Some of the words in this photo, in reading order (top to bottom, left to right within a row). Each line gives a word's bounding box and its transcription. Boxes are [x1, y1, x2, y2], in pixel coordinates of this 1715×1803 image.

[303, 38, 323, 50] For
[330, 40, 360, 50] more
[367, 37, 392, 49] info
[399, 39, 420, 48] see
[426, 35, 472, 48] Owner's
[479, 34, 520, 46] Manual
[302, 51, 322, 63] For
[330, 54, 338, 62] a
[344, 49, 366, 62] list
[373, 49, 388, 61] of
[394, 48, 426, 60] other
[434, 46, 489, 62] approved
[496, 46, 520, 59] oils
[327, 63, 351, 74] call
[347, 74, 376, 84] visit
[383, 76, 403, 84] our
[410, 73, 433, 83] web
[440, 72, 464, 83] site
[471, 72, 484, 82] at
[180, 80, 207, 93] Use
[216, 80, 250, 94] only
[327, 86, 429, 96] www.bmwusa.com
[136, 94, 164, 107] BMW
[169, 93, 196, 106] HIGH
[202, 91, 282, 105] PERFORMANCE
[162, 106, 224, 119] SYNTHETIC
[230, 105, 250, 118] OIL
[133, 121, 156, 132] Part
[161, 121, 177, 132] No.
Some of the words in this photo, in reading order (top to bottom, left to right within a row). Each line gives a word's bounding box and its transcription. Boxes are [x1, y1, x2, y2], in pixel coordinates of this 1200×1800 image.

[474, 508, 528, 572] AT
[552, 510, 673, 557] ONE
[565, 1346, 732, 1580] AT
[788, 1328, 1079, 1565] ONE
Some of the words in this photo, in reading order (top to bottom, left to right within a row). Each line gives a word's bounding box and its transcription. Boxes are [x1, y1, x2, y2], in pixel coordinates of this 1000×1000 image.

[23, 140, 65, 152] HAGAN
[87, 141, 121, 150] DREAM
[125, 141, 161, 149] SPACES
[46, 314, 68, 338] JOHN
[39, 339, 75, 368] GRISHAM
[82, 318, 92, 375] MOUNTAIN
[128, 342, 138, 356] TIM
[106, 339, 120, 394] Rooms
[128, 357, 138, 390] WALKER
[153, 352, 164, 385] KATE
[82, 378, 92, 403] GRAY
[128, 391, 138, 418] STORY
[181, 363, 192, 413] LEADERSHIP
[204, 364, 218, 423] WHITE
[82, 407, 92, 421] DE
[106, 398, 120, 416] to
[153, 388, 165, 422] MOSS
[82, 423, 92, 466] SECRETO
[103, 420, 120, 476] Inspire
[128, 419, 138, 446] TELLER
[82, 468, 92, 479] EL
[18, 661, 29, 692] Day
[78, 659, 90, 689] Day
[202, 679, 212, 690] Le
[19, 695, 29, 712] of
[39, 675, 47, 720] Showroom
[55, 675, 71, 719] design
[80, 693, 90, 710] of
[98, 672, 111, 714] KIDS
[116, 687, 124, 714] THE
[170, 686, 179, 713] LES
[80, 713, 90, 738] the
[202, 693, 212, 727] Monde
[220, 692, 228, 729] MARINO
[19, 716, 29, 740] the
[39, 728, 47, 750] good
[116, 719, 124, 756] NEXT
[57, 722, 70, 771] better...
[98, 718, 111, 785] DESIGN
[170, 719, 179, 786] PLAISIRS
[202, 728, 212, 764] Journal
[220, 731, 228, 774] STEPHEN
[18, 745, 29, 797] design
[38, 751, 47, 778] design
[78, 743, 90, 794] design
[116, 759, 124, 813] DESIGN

▬▬▬▬▬▬

• PROMPT: For this exercise, repeat the data above exactly.

• TASK RESPONSE:
Some of the words in this photo, in reading order (top to bottom, left to right within a row). Each line gives a word's bounding box and its transcription. Boxes are [x1, y1, x2, y2], in pixel coordinates of this 1715×1803 image.

[303, 38, 323, 50] For
[330, 40, 360, 50] more
[367, 37, 392, 49] info
[399, 39, 420, 48] see
[426, 35, 472, 48] Owner's
[479, 34, 520, 46] Manual
[302, 51, 322, 63] For
[330, 54, 338, 62] a
[344, 49, 366, 62] list
[373, 49, 388, 61] of
[394, 48, 426, 60] other
[434, 46, 489, 62] approved
[496, 46, 520, 59] oils
[327, 63, 351, 74] call
[347, 74, 376, 84] visit
[383, 76, 403, 84] our
[410, 73, 433, 83] web
[440, 72, 464, 83] site
[471, 72, 484, 82] at
[180, 80, 207, 93] Use
[216, 80, 250, 94] only
[327, 86, 429, 96] www.bmwusa.com
[136, 94, 164, 107] BMW
[169, 93, 196, 106] HIGH
[202, 91, 282, 105] PERFORMANCE
[162, 106, 224, 119] SYNTHETIC
[230, 105, 250, 118] OIL
[133, 121, 156, 132] Part
[161, 121, 177, 132] No.
Some of the words in this photo, in reading order (top to bottom, left to right within a row). Each line gives a word's bounding box and its transcription. Boxes are [x1, y1, x2, y2], in pixel coordinates of this 1200×1800 image.

[474, 508, 528, 572] AT
[552, 510, 673, 557] ONE
[565, 1346, 732, 1580] AT
[788, 1328, 1079, 1565] ONE
Some of the words in this photo, in reading order (top to bottom, left to right within a row). Each line gives a word's bounding box and its transcription. Boxes are [x1, y1, x2, y2], in pixel coordinates of this 1000×1000 image.

[23, 140, 65, 152] HAGAN
[87, 141, 121, 150] DREAM
[125, 141, 161, 149] SPACES
[46, 314, 68, 338] JOHN
[39, 339, 75, 368] GRISHAM
[82, 318, 92, 375] MOUNTAIN
[128, 342, 138, 356] TIM
[106, 339, 120, 394] Rooms
[128, 357, 138, 390] WALKER
[153, 352, 164, 385] KATE
[82, 378, 92, 403] GRAY
[128, 391, 138, 418] STORY
[181, 363, 192, 413] LEADERSHIP
[204, 364, 218, 423] WHITE
[82, 407, 92, 421] DE
[106, 398, 120, 416] to
[153, 388, 165, 422] MOSS
[82, 423, 92, 466] SECRETO
[103, 420, 120, 476] Inspire
[128, 419, 138, 446] TELLER
[82, 468, 92, 479] EL
[18, 661, 29, 692] Day
[78, 659, 90, 689] Day
[202, 679, 212, 690] Le
[19, 695, 29, 712] of
[39, 675, 47, 720] Showroom
[55, 675, 71, 719] design
[80, 693, 90, 710] of
[98, 672, 111, 714] KIDS
[116, 687, 124, 714] THE
[170, 686, 179, 713] LES
[80, 713, 90, 738] the
[202, 693, 212, 727] Monde
[220, 692, 228, 729] MARINO
[19, 716, 29, 740] the
[39, 728, 47, 750] good
[116, 719, 124, 756] NEXT
[57, 722, 70, 771] better...
[98, 718, 111, 785] DESIGN
[170, 719, 179, 786] PLAISIRS
[202, 728, 212, 764] Journal
[220, 731, 228, 774] STEPHEN
[18, 745, 29, 797] design
[38, 751, 47, 778] design
[78, 743, 90, 794] design
[116, 759, 124, 813] DESIGN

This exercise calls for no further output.